With every picture left out, give the data below back exactly.

== Segment start ==

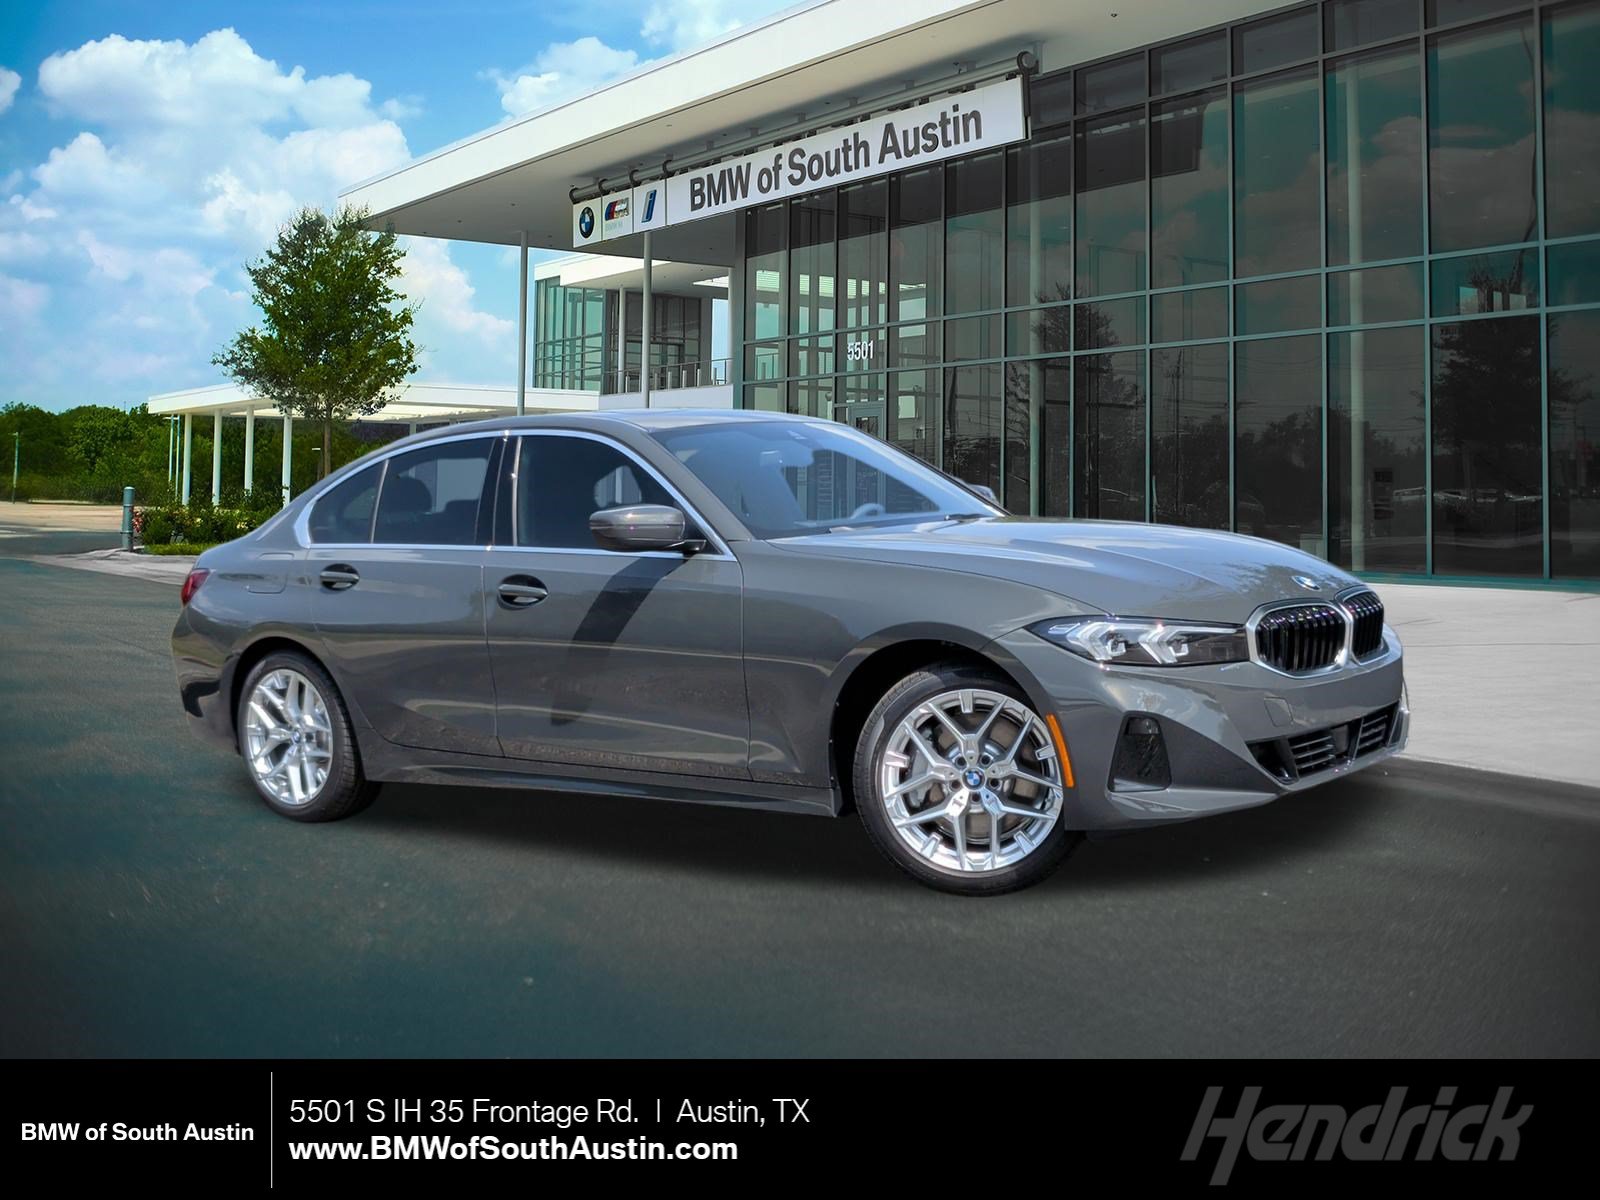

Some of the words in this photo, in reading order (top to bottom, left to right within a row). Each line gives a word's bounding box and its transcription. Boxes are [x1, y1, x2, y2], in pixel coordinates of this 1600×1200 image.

[689, 162, 752, 212] BMW
[757, 153, 783, 194] of
[787, 132, 870, 187] South
[878, 104, 983, 164] Austin
[847, 340, 874, 361] 5501
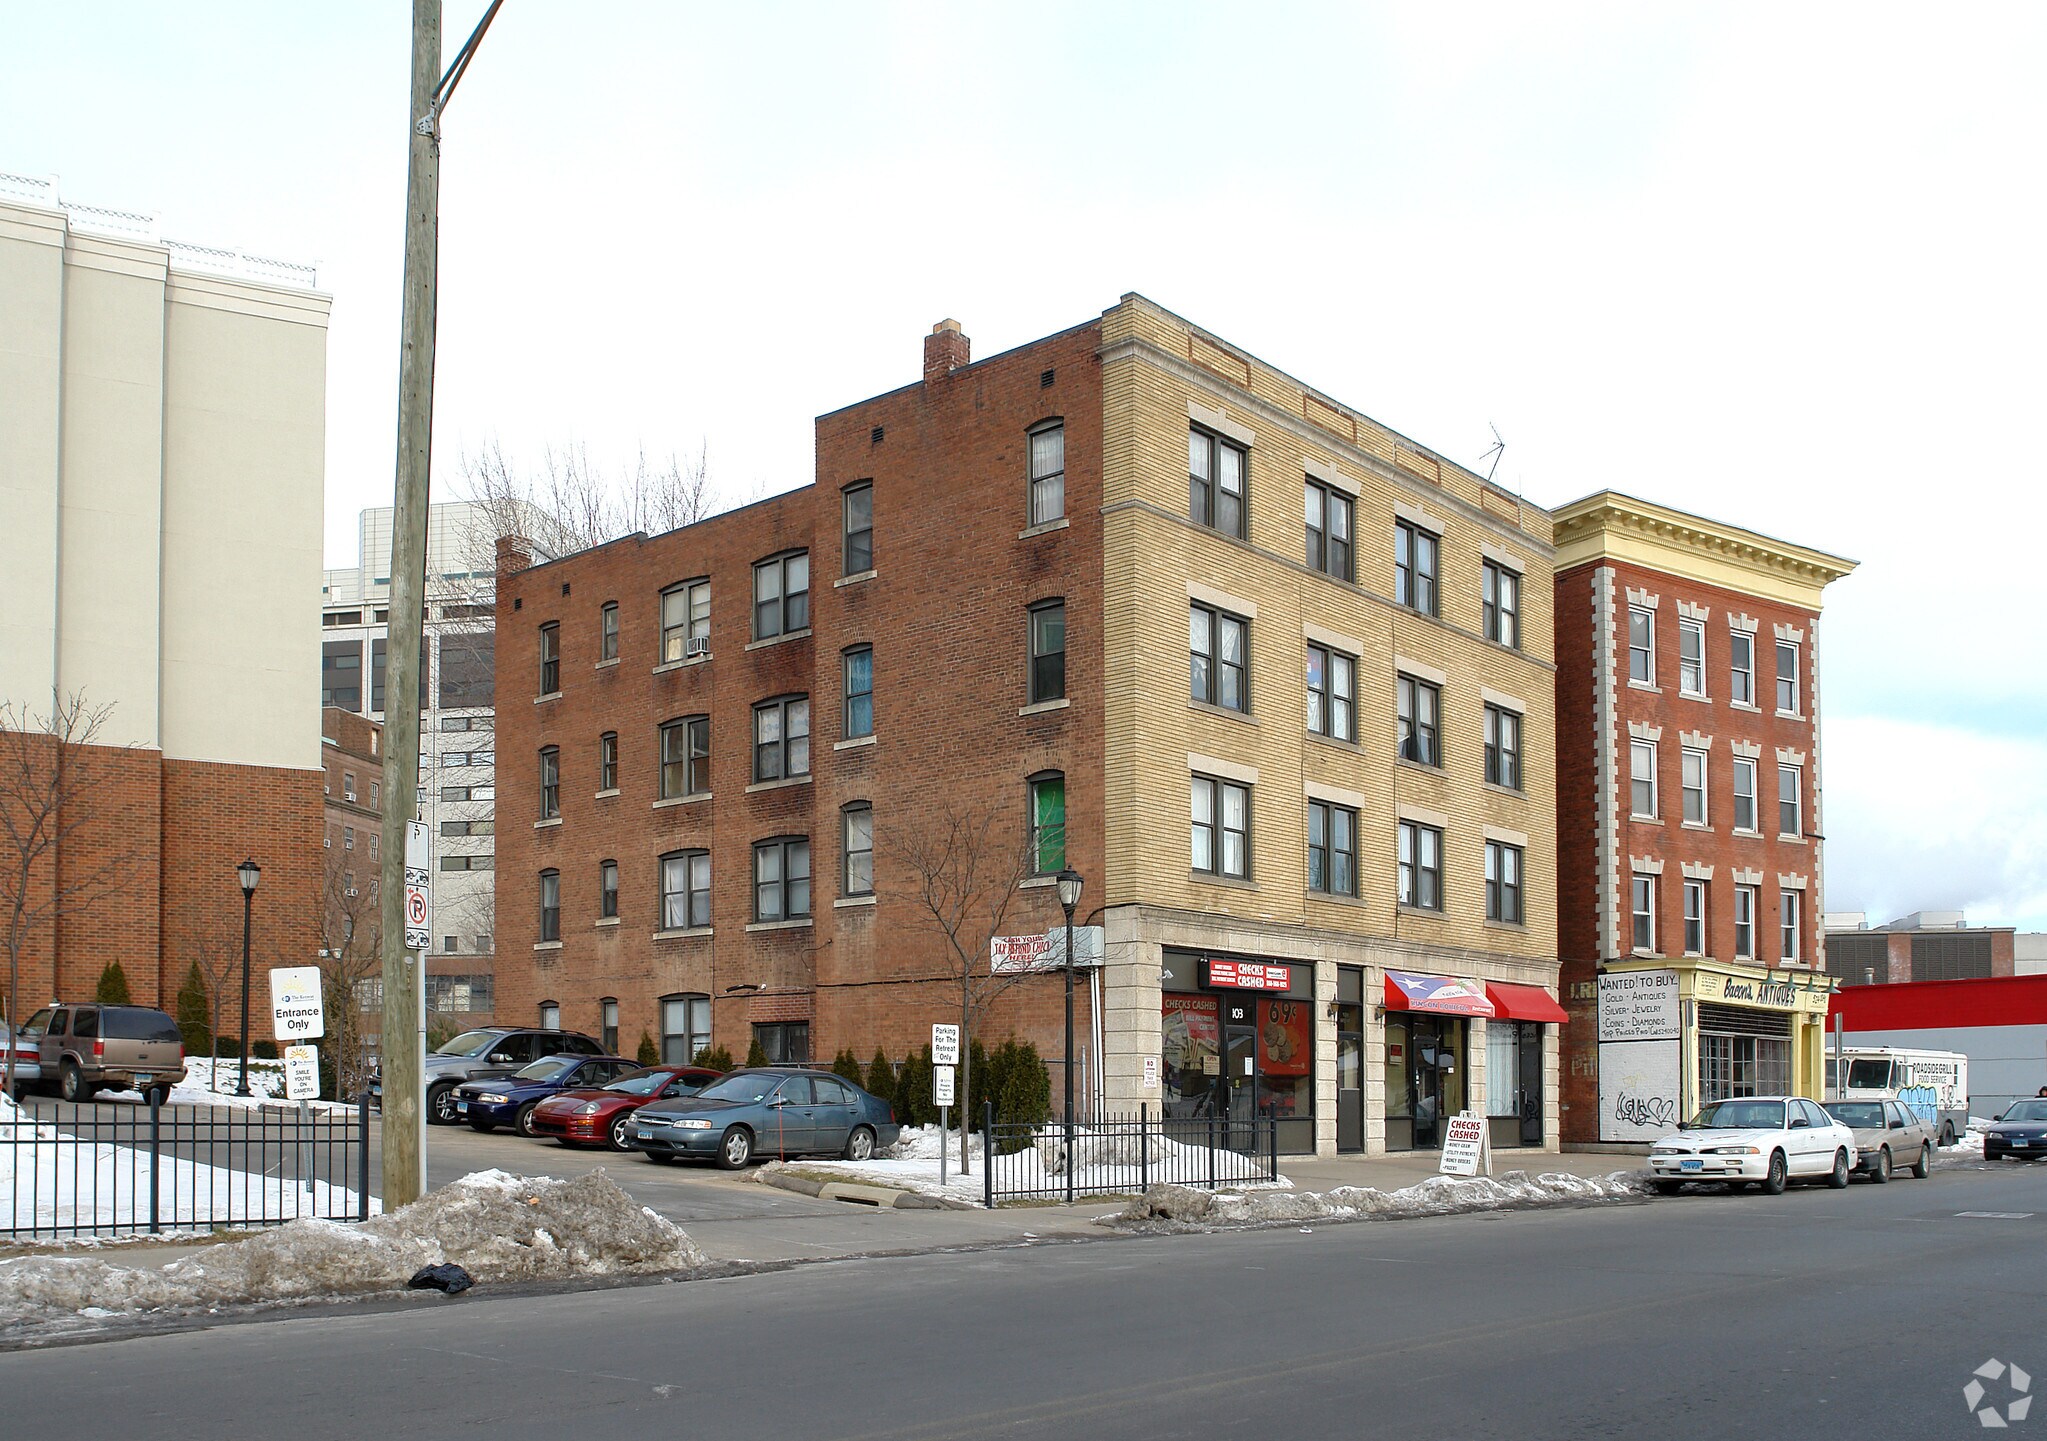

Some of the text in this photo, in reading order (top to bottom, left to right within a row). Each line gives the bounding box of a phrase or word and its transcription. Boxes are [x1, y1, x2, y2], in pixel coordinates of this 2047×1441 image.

[995, 943, 1007, 955] TAX
[1237, 963, 1264, 976] CHECKS
[1237, 975, 1265, 988] CASHED
[1640, 977, 1653, 988] TO
[1605, 991, 1666, 1002] GOLD ANTIQUES
[1755, 983, 1796, 1006] ANTIQUES
[1164, 999, 1217, 1011] CHECKS CASHED
[1604, 1003, 1662, 1015] SILVER JEWELRY
[275, 1008, 319, 1019] Entrance
[1231, 1007, 1245, 1020] 103
[287, 1019, 310, 1030] Only
[1605, 1016, 1666, 1028] COINS DIAMONDS
[935, 1026, 956, 1036] Parking
[935, 1035, 957, 1043] For The
[935, 1044, 956, 1052] Retreat
[939, 1053, 952, 1061] Only
[1918, 1075, 1947, 1084] FOOD SERVICE
[1451, 1120, 1481, 1131] CHECKS
[1448, 1129, 1480, 1140] CASHED

== Segment end ==

» ANSWER BOX
Some of the words in this photo, in reading order (top to bottom, left to right within a row). Each line gives a word's bounding box and its transcription. Boxes are [x1, y1, x2, y2], in pixel coordinates of this 1600×1200 image.

[689, 162, 752, 212] BMW
[757, 153, 783, 194] of
[787, 132, 870, 187] South
[878, 104, 983, 164] Austin
[847, 340, 874, 361] 5501

Some of the text in this photo, in reading order (top to bottom, left to right within a row). Each line gives the bounding box of a phrase or word and its transcription. Boxes are [x1, y1, x2, y2], in pixel coordinates of this 2047×1441 image.

[995, 943, 1007, 955] TAX
[1237, 963, 1264, 976] CHECKS
[1237, 975, 1265, 988] CASHED
[1640, 977, 1653, 988] TO
[1605, 991, 1666, 1002] GOLD ANTIQUES
[1755, 983, 1796, 1006] ANTIQUES
[1164, 999, 1217, 1011] CHECKS CASHED
[1604, 1003, 1662, 1015] SILVER JEWELRY
[275, 1008, 319, 1019] Entrance
[1231, 1007, 1245, 1020] 103
[287, 1019, 310, 1030] Only
[1605, 1016, 1666, 1028] COINS DIAMONDS
[935, 1026, 956, 1036] Parking
[935, 1035, 957, 1043] For The
[935, 1044, 956, 1052] Retreat
[939, 1053, 952, 1061] Only
[1918, 1075, 1947, 1084] FOOD SERVICE
[1451, 1120, 1481, 1131] CHECKS
[1448, 1129, 1480, 1140] CASHED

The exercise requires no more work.